"I wish that were like to be true, sir, but it isn't. My wife's not a giantess yet, for all you've done for her."
Spelman set to work at once. New joists were inserted in the old walls, boarded over, and covered, after the advice of Mortimer, with some cunning mixture to keep out the water. Then a pipe was put through the wall to carry it off—which pipe, if it was not masked with an awful head, as the remains of more than one on the Priory showed it would have been in the days of the monks, yet did it work as faithfully without it.
When it came to the plastering of the walls, Mr Spelman, after giving them full directions, left the two boys to do that between them.
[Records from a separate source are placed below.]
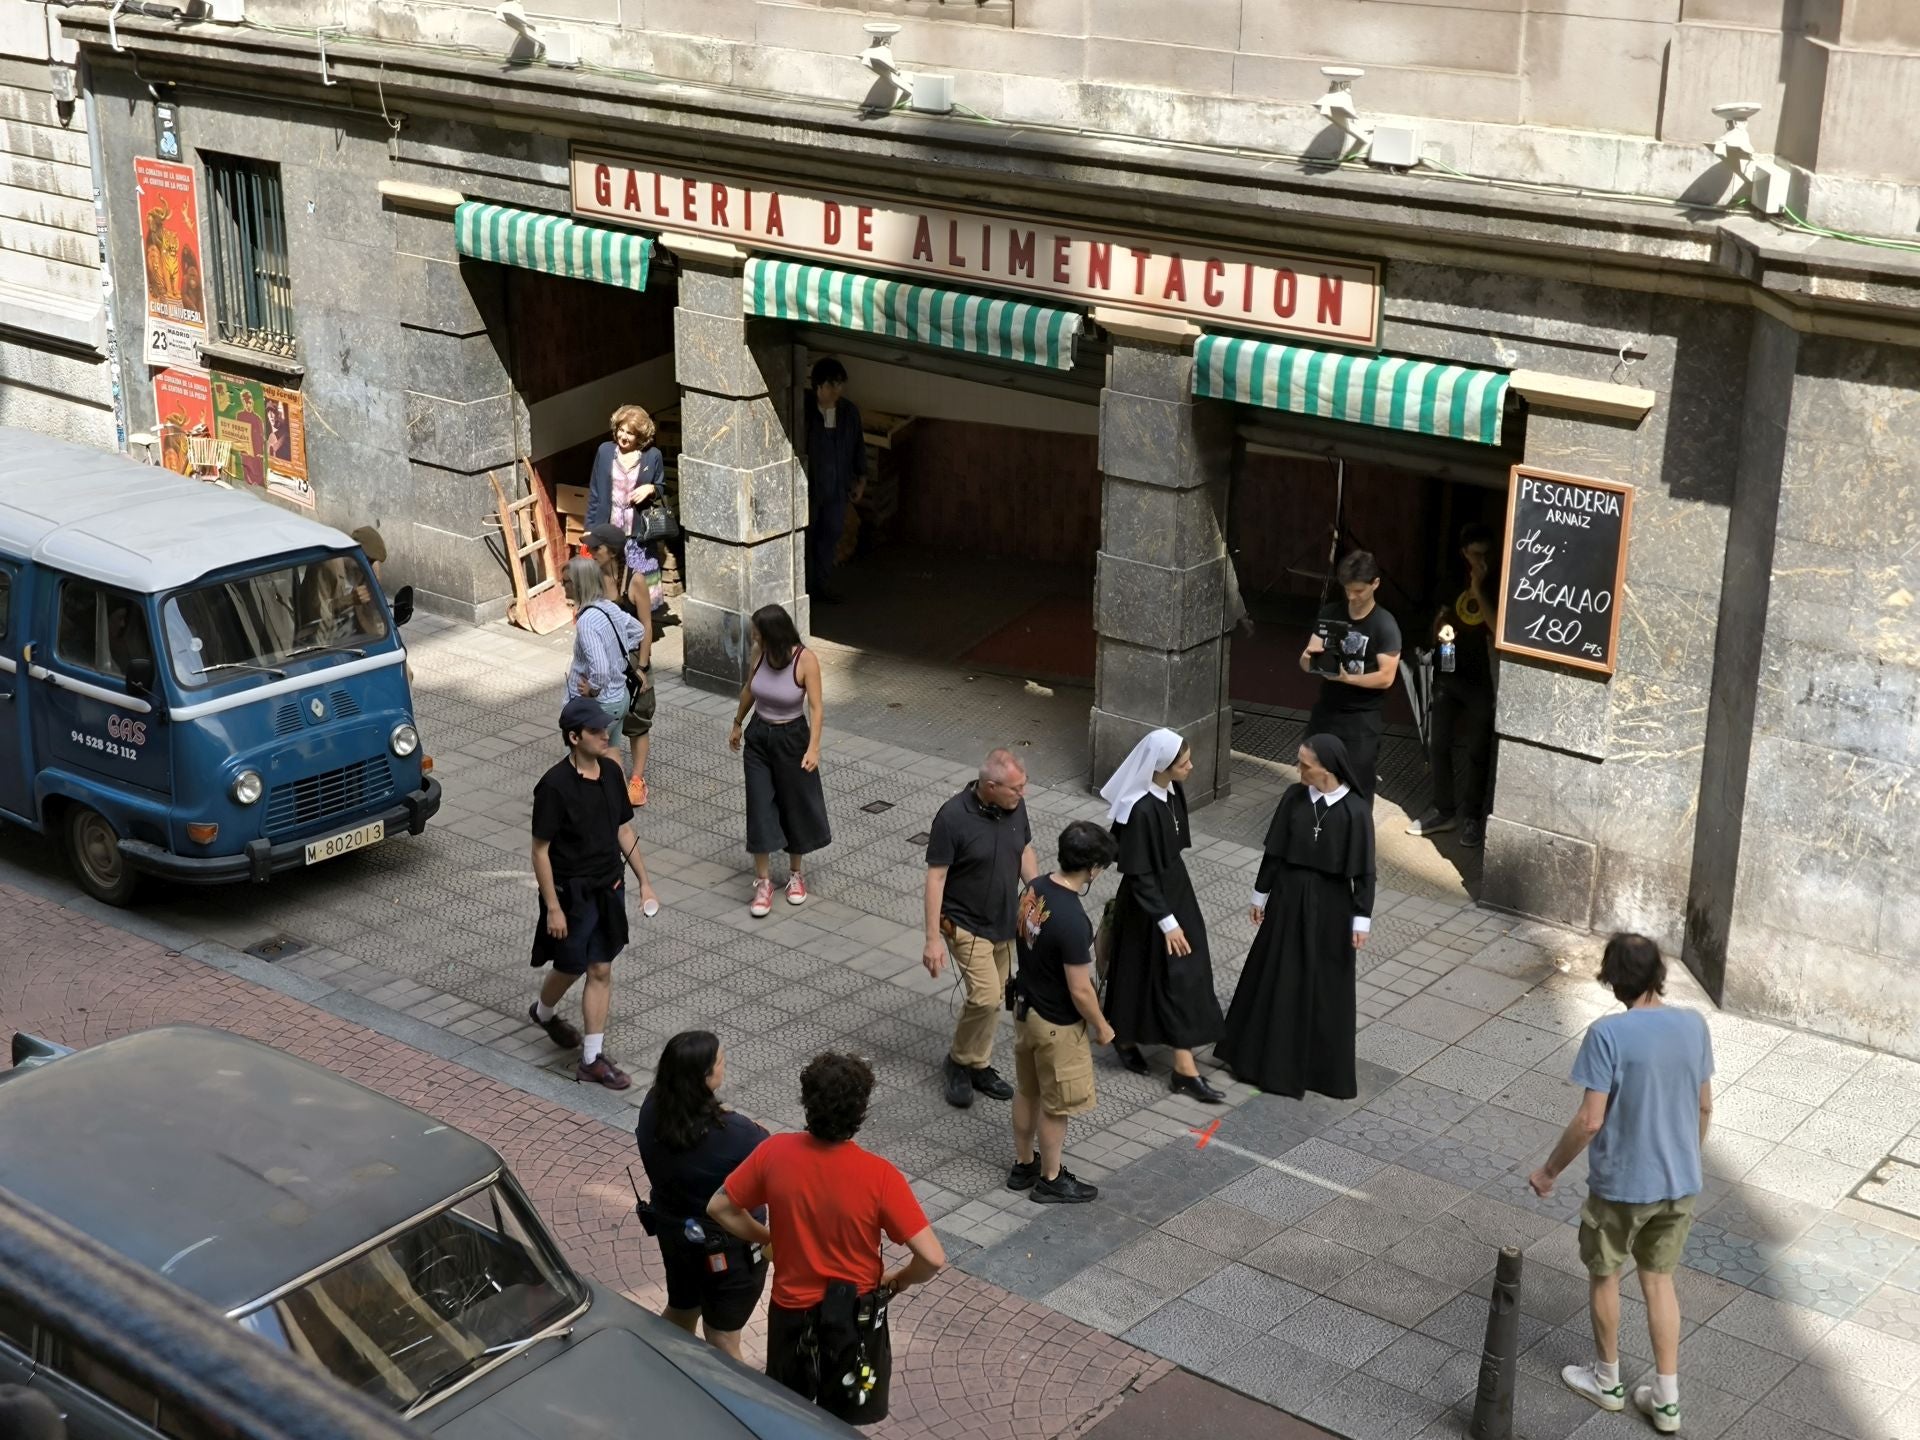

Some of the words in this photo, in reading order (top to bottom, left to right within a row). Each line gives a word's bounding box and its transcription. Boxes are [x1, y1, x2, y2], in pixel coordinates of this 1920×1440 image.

[595, 163, 784, 237] GALERIA
[824, 201, 873, 251] DE
[913, 214, 1343, 326] ALIMENTACION
[150, 301, 169, 317] CIRCO
[168, 303, 204, 324] UNIVERSAL
[152, 330, 168, 351] 23
[167, 328, 190, 339] MADRID
[1513, 576, 1611, 614] BACALAO
[1524, 614, 1582, 645] 180
[107, 713, 147, 745] GAS
[71, 730, 84, 744] 94
[85, 735, 104, 750] 528
[105, 741, 119, 755] 23
[120, 746, 137, 760] 112
Although there was no occasion to roughen these walls by clearing away the old mortar from between the stones, the weather having done that quite sufficiently, and all the preparation they wanted for the first thin coat was to be well washed down, it took them a good many days, working all their time, to lay on the orthodox three coats of plaster. Mr Spelman had wisely boarded the ceiling, so that they had not to plaster that.
Meantime he was preparing a door and window-frames in the shop. The room had probably been one of the prior's, for it was much too large and lofty for a mere cell, and had two windows. But these were fortunately small, not like the splendid ones in the chapel and refectory, else they would have been hard to fill with glass.
"I'm afraid you'll be starved with cold, Willie," said his father one day, after watching the boys at work for a few minutes. "There's no fireplace."
"Oh! that doesn't signify," answered Willie. "Look how thick the walls are! and I shall have plenty of blankets on my bed. Besides, we can easily put a little stove in, if it's wanted."
But when the windows were fitted and fixed, Mr Macmichael saw to his dismay that they were not made to open. They had not even a pane on hinges.
"This'll never do, Willie," he said. "This is far worse than no chimney."
Willie took his father by the coat, and led him to a corner, where a hole went right through the wall into another room—if that can be called a room which had neither floor nor ceiling.
"There, father!" he said; "I am going to fit a slide over this hole, and then I can let in just as much or as little air as I please."